Saved data entries:
+ + + + +

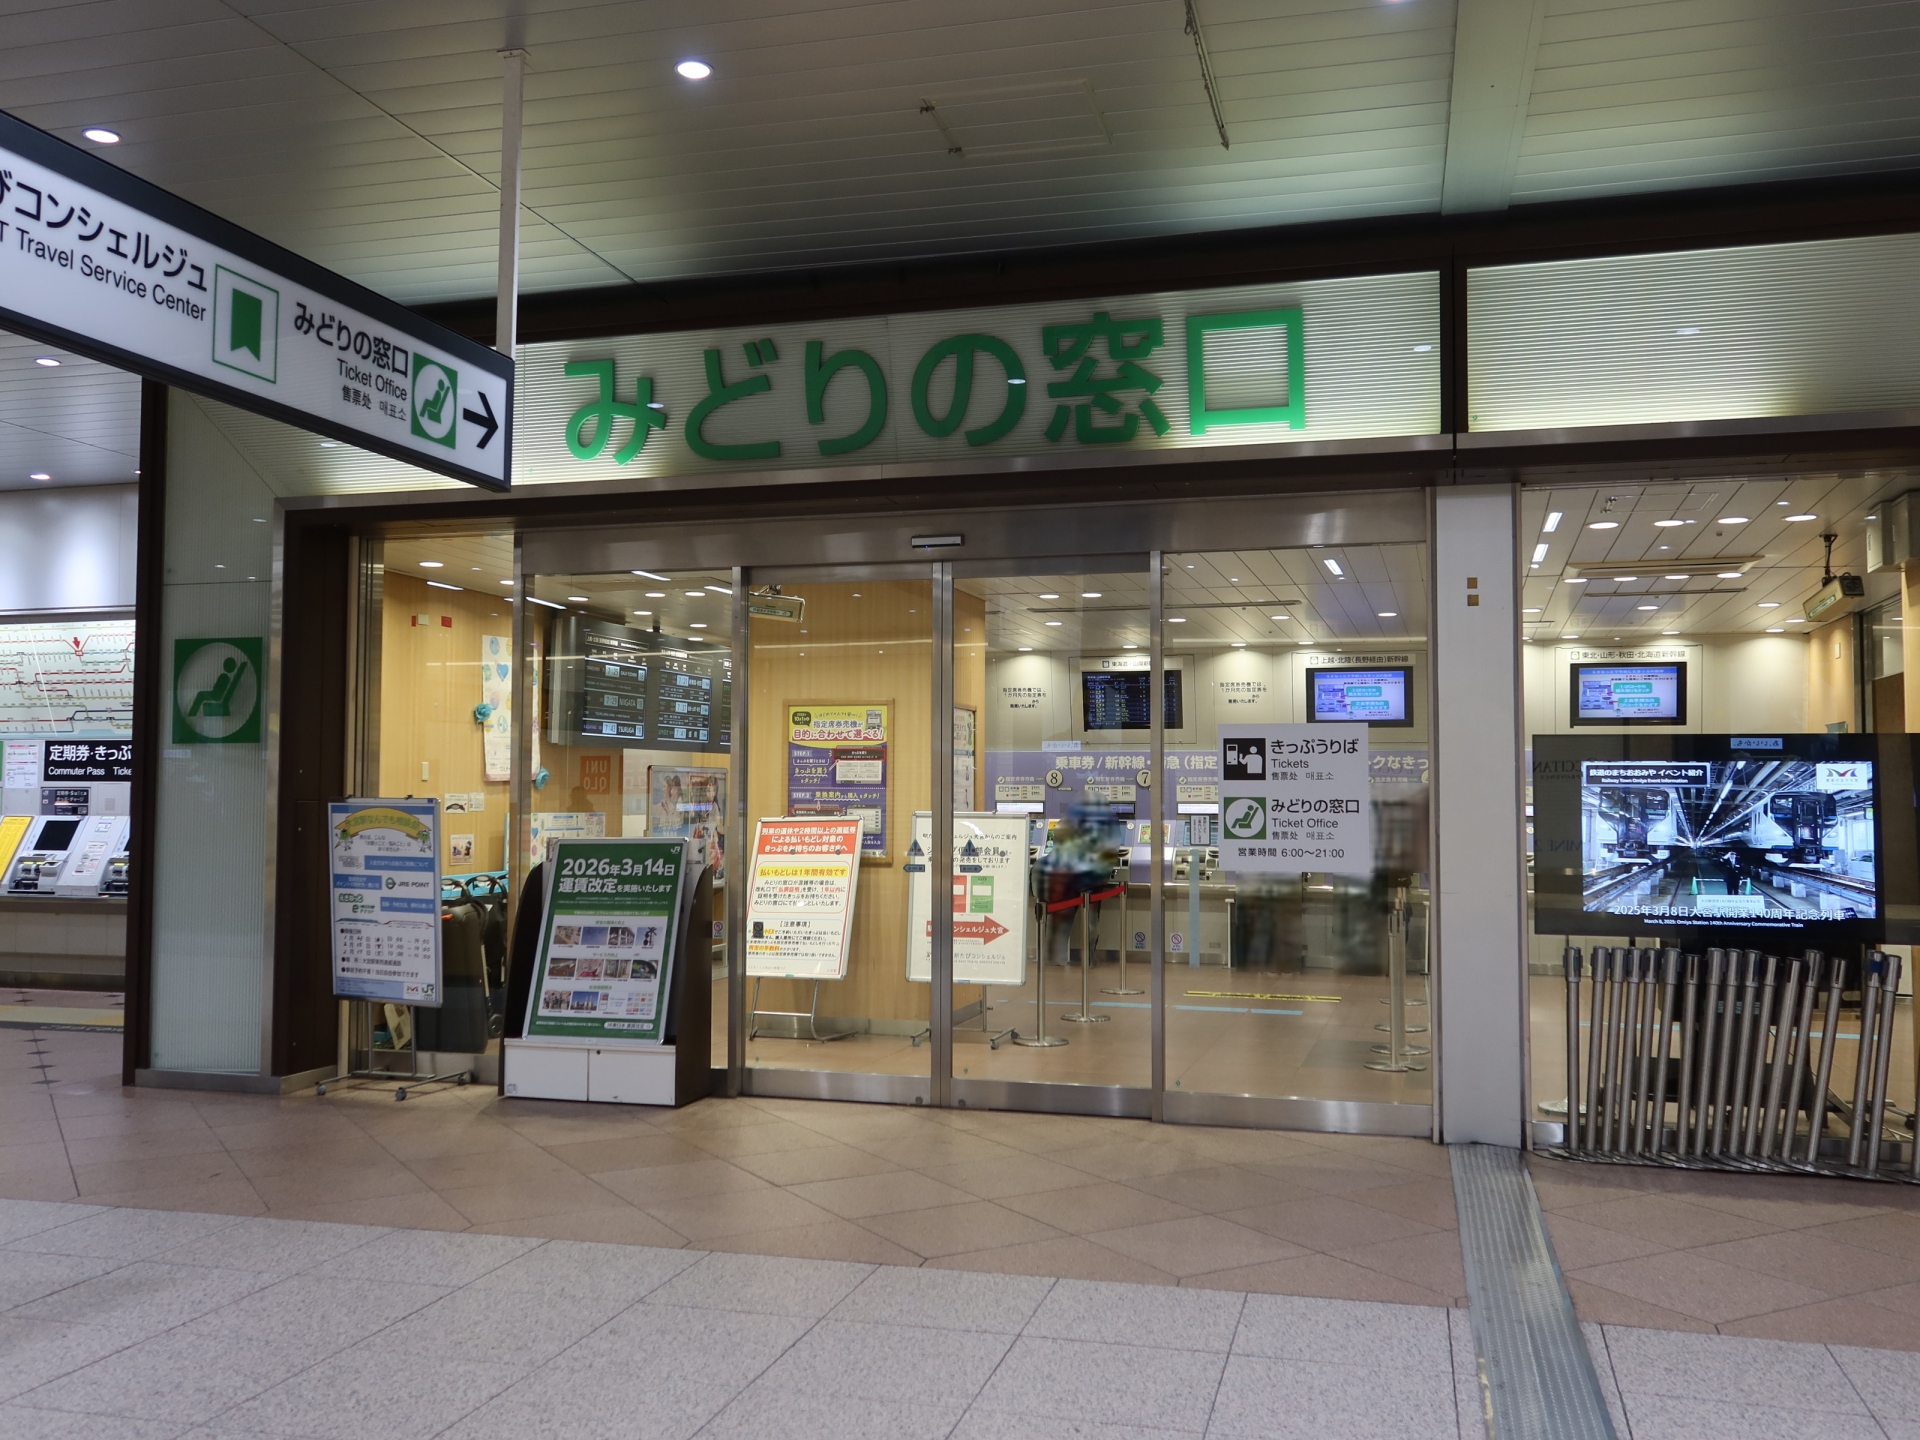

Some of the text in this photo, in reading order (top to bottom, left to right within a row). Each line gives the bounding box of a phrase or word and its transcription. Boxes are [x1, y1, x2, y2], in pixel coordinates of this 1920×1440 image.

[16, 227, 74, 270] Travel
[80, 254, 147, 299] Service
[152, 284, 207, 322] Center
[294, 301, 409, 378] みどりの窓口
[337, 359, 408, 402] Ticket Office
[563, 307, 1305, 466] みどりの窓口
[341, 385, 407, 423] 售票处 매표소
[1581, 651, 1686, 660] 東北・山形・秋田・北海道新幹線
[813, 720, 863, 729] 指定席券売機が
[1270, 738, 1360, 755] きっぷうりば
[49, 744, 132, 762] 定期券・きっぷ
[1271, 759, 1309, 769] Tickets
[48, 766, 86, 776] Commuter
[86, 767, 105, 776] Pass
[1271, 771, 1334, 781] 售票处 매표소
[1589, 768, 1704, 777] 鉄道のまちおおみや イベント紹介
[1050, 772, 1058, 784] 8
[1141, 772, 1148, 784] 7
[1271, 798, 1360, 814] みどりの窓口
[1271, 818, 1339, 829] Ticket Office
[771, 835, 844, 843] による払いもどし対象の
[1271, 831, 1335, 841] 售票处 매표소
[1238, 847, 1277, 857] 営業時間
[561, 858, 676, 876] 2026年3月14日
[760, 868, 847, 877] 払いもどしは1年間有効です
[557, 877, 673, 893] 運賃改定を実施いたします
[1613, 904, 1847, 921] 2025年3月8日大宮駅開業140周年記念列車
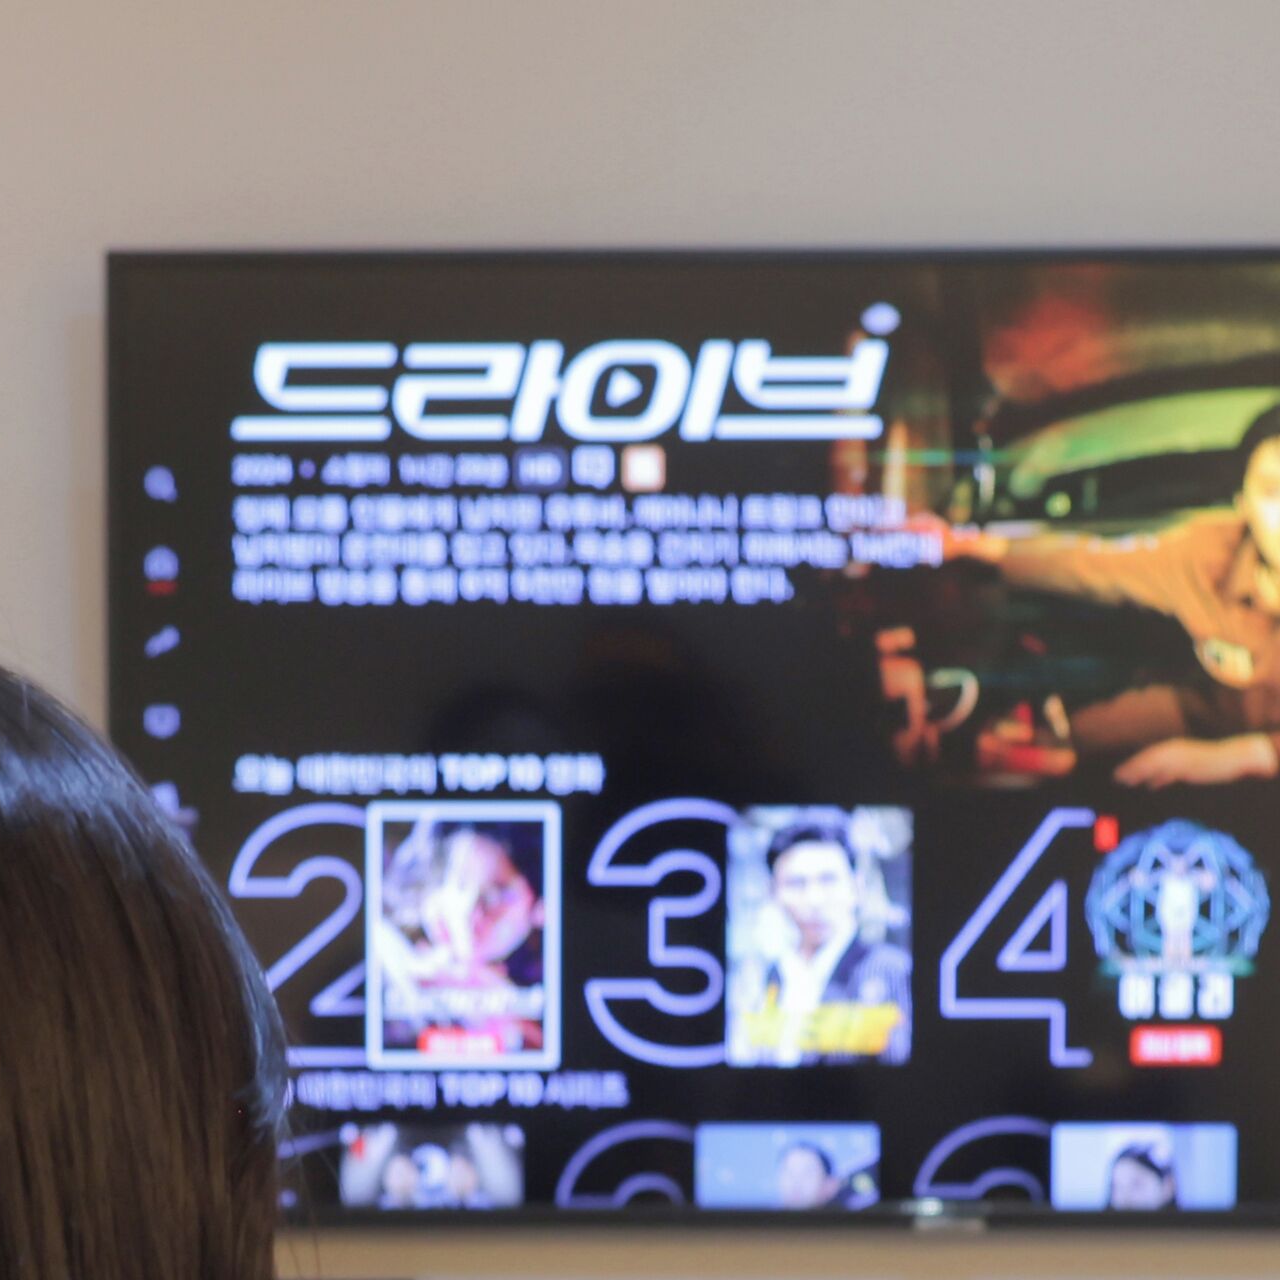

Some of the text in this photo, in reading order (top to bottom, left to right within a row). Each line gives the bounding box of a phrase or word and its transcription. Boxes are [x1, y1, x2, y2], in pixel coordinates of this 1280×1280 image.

+ + + + +

Repeat each line above exactly as it reads, omitting any pictures.

OUTPUT FOR THIS TASK:
Some of the text in this photo, in reading order (top to bottom, left to right within a row). Each line gives the bounding box of a phrase or word and its transcription. Boxes are [x1, y1, x2, y2], in pixel coordinates of this 1920×1440 image.

[16, 227, 74, 270] Travel
[80, 254, 147, 299] Service
[152, 284, 207, 322] Center
[294, 301, 409, 378] みどりの窓口
[337, 359, 408, 402] Ticket Office
[563, 307, 1305, 466] みどりの窓口
[341, 385, 407, 423] 售票处 매표소
[1581, 651, 1686, 660] 東北・山形・秋田・北海道新幹線
[813, 720, 863, 729] 指定席券売機が
[1270, 738, 1360, 755] きっぷうりば
[49, 744, 132, 762] 定期券・きっぷ
[1271, 759, 1309, 769] Tickets
[48, 766, 86, 776] Commuter
[86, 767, 105, 776] Pass
[1271, 771, 1334, 781] 售票处 매표소
[1589, 768, 1704, 777] 鉄道のまちおおみや イベント紹介
[1050, 772, 1058, 784] 8
[1141, 772, 1148, 784] 7
[1271, 798, 1360, 814] みどりの窓口
[1271, 818, 1339, 829] Ticket Office
[771, 835, 844, 843] による払いもどし対象の
[1271, 831, 1335, 841] 售票处 매표소
[1238, 847, 1277, 857] 営業時間
[561, 858, 676, 876] 2026年3月14日
[760, 868, 847, 877] 払いもどしは1年間有効です
[557, 877, 673, 893] 運賃改定を実施いたします
[1613, 904, 1847, 921] 2025年3月8日大宮駅開業140周年記念列車

Some of the text in this photo, in reading order (top to bottom, left to right within a row). Each line gives the bounding box of a phrase or word and its transcription. Boxes are [x1, y1, x2, y2], in pixel coordinates of this 1280×1280 image.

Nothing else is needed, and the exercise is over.